**Problem details:**
Exact copies of all the lines below are needed, without the pictures.

────────

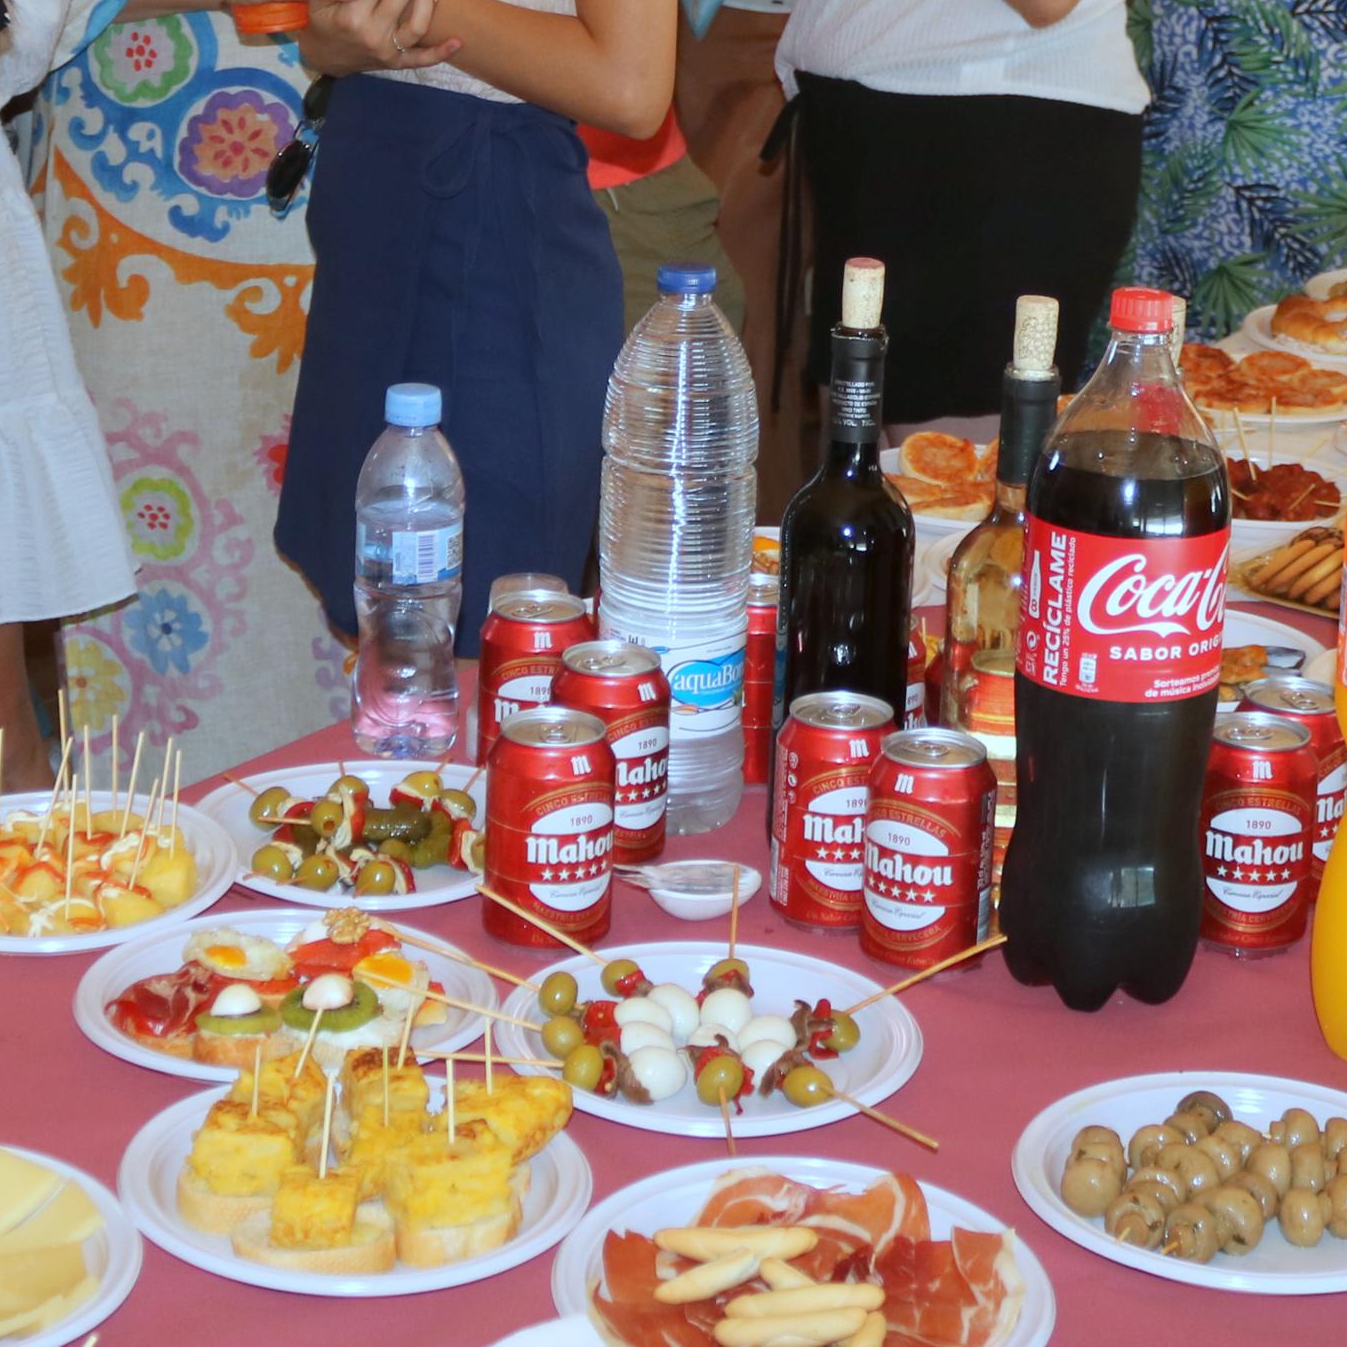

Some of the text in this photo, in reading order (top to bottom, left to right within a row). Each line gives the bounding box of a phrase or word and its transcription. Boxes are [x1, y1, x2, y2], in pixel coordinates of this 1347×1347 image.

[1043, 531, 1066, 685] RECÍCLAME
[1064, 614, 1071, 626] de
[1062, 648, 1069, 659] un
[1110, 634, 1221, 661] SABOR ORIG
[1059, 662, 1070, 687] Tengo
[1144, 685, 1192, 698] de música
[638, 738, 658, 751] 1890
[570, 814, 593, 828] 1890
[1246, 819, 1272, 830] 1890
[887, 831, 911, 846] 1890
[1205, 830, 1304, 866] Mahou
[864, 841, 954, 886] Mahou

────────

**Your response:**
Some of the text in this photo, in reading order (top to bottom, left to right within a row). Each line gives the bounding box of a phrase or word and its transcription. Boxes are [x1, y1, x2, y2], in pixel coordinates of this 1347×1347 image.

[1043, 531, 1066, 685] RECÍCLAME
[1064, 614, 1071, 626] de
[1062, 648, 1069, 659] un
[1110, 634, 1221, 661] SABOR ORIG
[1059, 662, 1070, 687] Tengo
[1144, 685, 1192, 698] de música
[638, 738, 658, 751] 1890
[570, 814, 593, 828] 1890
[1246, 819, 1272, 830] 1890
[887, 831, 911, 846] 1890
[1205, 830, 1304, 866] Mahou
[864, 841, 954, 886] Mahou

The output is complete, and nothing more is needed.